# [PROBLEM DETAILS]
Extract, verbatim, all lines starting at the one containing "Some of the words" and ending with the final line of the listing, and no others.

# [GIVEN ENTRIES]
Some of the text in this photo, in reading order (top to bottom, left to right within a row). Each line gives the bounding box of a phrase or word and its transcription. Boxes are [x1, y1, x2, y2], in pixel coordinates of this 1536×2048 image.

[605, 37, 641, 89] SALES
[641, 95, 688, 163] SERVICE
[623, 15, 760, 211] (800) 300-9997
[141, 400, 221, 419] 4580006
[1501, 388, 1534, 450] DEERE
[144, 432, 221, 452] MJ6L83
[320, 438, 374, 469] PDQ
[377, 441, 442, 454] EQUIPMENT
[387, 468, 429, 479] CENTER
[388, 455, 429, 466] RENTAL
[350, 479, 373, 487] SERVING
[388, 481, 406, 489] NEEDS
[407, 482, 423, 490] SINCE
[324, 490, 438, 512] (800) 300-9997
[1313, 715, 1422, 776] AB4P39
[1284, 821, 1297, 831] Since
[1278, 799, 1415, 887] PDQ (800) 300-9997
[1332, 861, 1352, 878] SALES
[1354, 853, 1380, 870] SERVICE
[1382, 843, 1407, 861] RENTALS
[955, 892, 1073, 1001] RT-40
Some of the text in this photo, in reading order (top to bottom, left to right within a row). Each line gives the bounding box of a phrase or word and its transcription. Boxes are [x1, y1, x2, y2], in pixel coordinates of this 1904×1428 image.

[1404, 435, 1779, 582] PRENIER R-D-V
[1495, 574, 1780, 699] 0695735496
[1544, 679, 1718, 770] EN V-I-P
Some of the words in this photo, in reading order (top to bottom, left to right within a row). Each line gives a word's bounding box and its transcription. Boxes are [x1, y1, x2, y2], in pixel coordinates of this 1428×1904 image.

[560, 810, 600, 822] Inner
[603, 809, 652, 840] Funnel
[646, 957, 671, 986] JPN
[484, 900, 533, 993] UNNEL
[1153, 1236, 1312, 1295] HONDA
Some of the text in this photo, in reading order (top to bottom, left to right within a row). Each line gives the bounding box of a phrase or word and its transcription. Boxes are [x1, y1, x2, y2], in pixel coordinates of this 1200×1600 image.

# [OUTPUT]
Some of the words in this photo, in reading order (top to bottom, left to right within a row). Each line gives a word's bounding box and its transcription. Boxes are [x1, y1, x2, y2], in pixel coordinates of this 1428×1904 image.

[560, 810, 600, 822] Inner
[603, 809, 652, 840] Funnel
[646, 957, 671, 986] JPN
[484, 900, 533, 993] UNNEL
[1153, 1236, 1312, 1295] HONDA
Some of the text in this photo, in reading order (top to bottom, left to right within a row). Each line gives the bounding box of a phrase or word and its transcription. Boxes are [x1, y1, x2, y2], in pixel coordinates of this 1200×1600 image.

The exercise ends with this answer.